I used it to sharpen a couple of paring knives yesterday. Worked fine, but it's a bit fiddly getting the knives mounted straight. The method Tormek recommends--laying the blade and jig bar flat on a table--doesn't account for the angle of the primary grind (usually around 2°), so that's guaranteed to be off. I did it by eye, but when you tighten the handle screw the jig may have other ideas.
I agree that the SVM-00 is a useful jig. I included it with my original instructions for using the kenjig. Combined with the SVM-45, it brings small paring knives to 139mm Projection. It is really designed for small blades with substantial wooden handles. It works very well with carving knives.
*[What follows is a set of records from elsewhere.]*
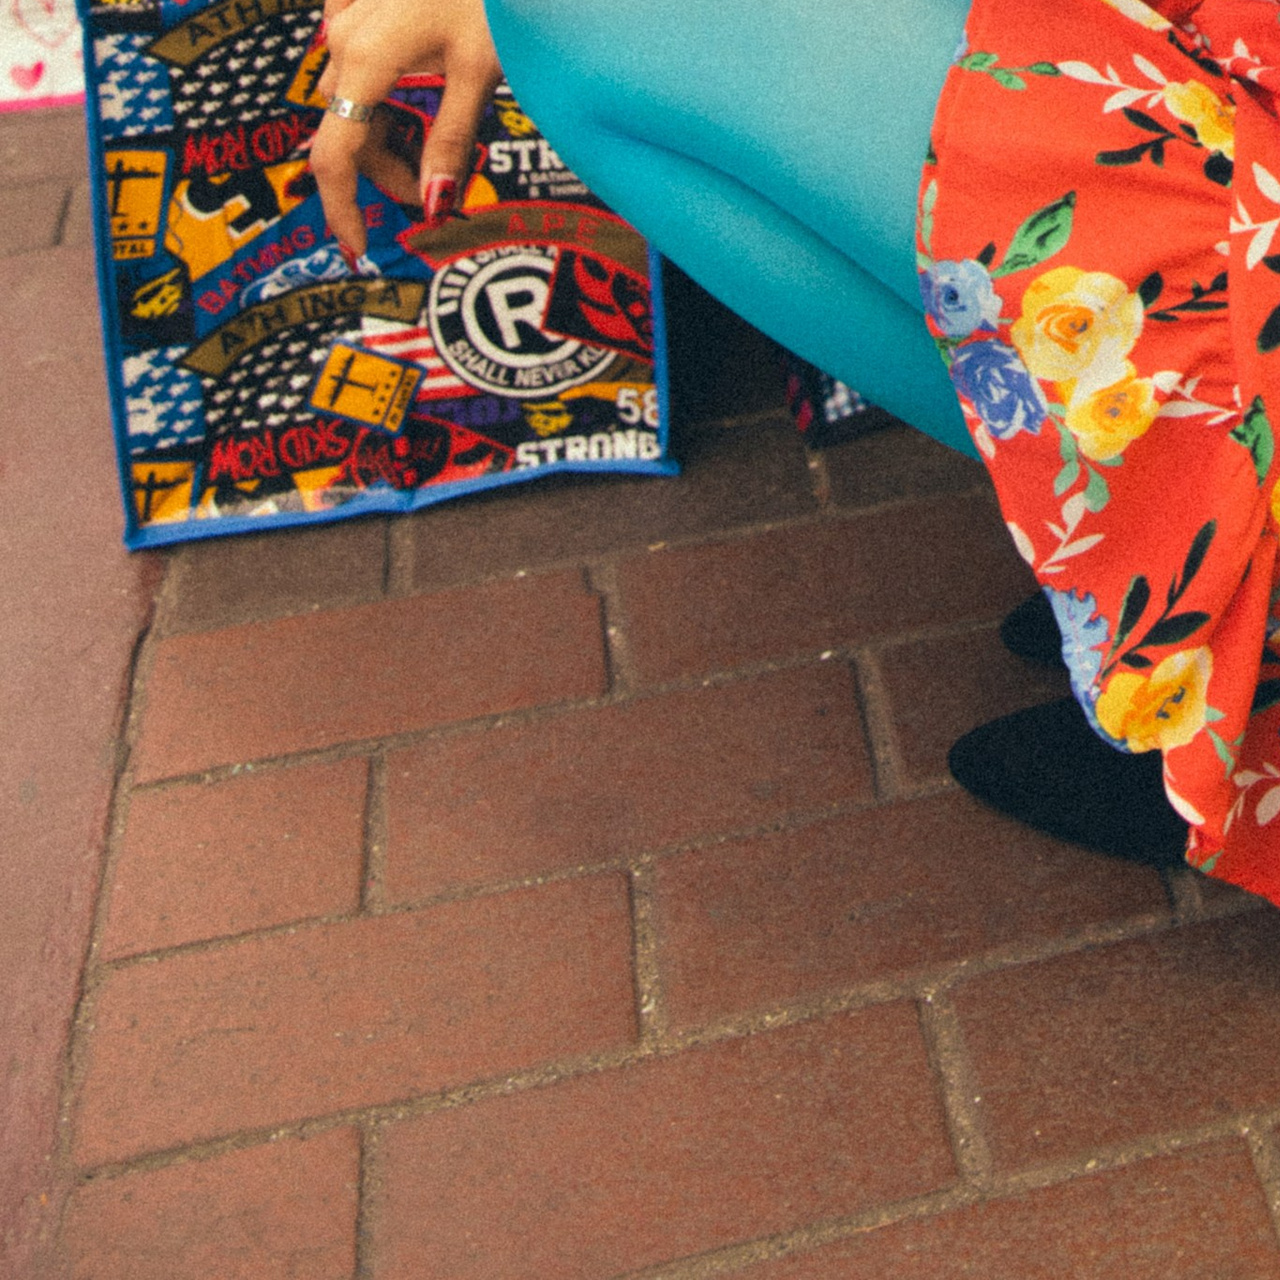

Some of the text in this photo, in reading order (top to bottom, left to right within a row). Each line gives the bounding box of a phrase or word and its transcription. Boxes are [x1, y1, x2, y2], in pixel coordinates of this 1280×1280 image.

[197, 226, 315, 315] BATHING
[485, 275, 565, 350] R
[450, 339, 510, 387] SHALL
[514, 359, 582, 387] NEVER
[278, 419, 351, 468] SKID
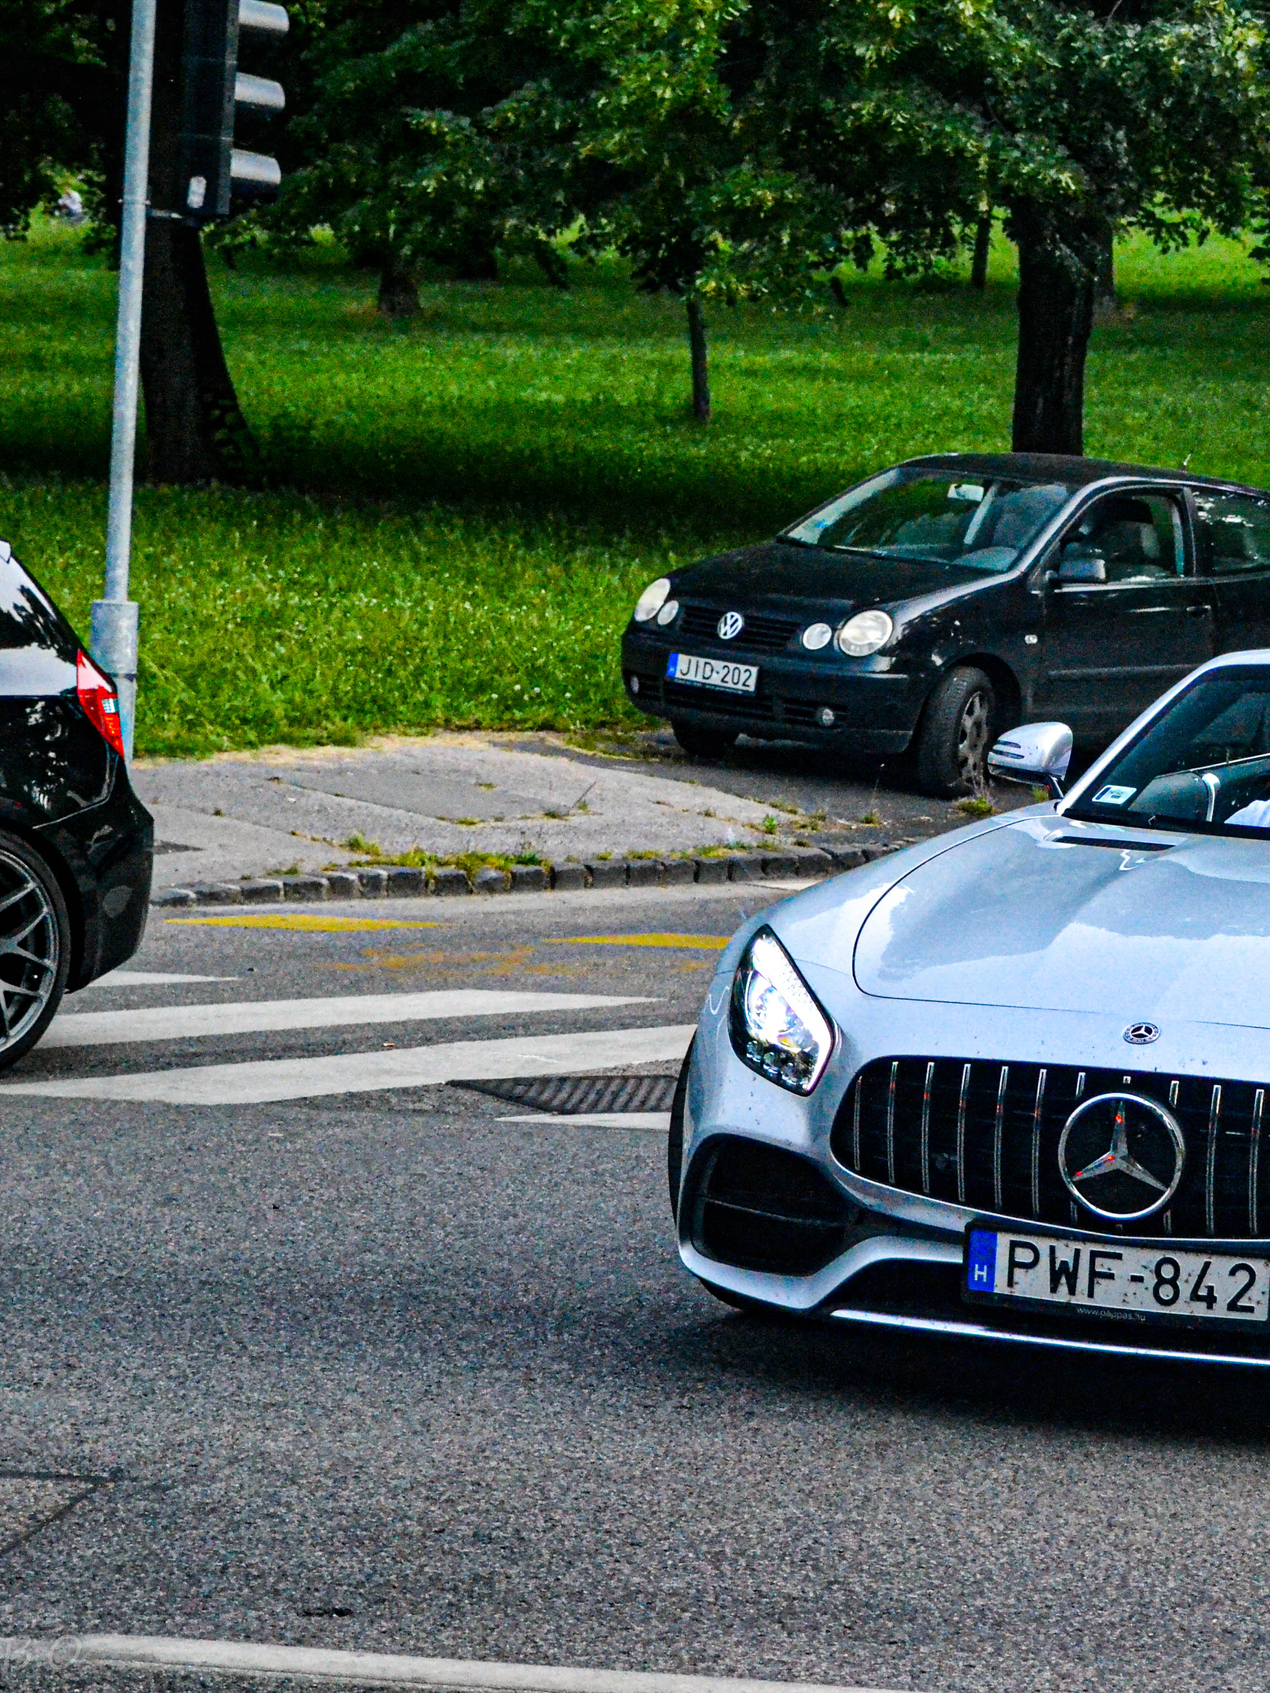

I have found that clamping pocket knives can be somewhat problematic.
Ken
Quote from: Ken S on May 04, 2022, 06:25:58 AM
... I have found that clamping pocket knives can be somewhat problematic.
Ken
Agree with that.
Ken jig?
Quote from: Scotty on May 04, 2022, 02:23:50 PM
Ken jig?
Or... Adjustable Kenjig...
(https://forum.tormek.com/index.php?action=dlattach;topic=4995.0;attach=6460)
;D
Might be needed with the new KJ-45...
Good thought, CB. However, it is overkill. All I need is a few more kenjigs, with grooves cut every five millimeters from around 80 to 100mm. Add a metric rule (or the back of a kenjig with calibrated pencil marks) and a copy of Dutchman's table for the diameter of the grinding wheel. I'm good to go.
Ken
Thanks.
I am interested in your system.
I am currently a KG disciple but am always interested in different methods.
Can you aim me at a tutorial of more info? Thanks
Scotty,
Do a google search for "kenjig instructions". You will find the illustrated PDF I did several years ago. I will eventually update it to incorporate the new KJ-45 jig; however, the PDF will give you a flavor of the kenjig.
Ken
Here's the info: https://sharpeninghandbook.info/indexJigs.html#KenJig (https://sharpeninghandbook.info/indexJigs.html#KenJig)
Thanks
Quote from: Ken S on May 04, 2022, 08:41:35 PM
Good thought, CB. However, it is overkill. All I need is a few more kenjigs, with grooves cut every five millimeters from around 80 to 100mm. Add a metric rule (or the back of a kenjig with calibrated pencil marks) and a copy of Dutchman's table for the diameter of the grinding wheel. I'm good to go.
Ken
Maybe true, but that's why I added "Might be needed with the new KJ-45...". Unlike wheel size, angle change is affected greater by Projection Distance, so 5mm grooves might not be sufficient. (It only takes a couple mm difference in the PD vs. the 10mm of wheel size to change the angle).
In my mind I see no difference in just setting the USB height vs. trying to clamp the knife to a particular measurement... might have been easier when you could just adjust the stop collar, but now I agree with the statement Tormek made in their video that the adjustment is now made at the USB.
I still agree with the "Kenjig" concept, just think you might need something more adaptable. And you can get calipers fairly cheap, especially non-digital ones, that are accurate enough for this purpose. Just lock it in place and you have an "instant Kenjig", but one you can adjust a bit more if needed.
Well stated, CB. I have always viewed the kenjig concept as continually evolving.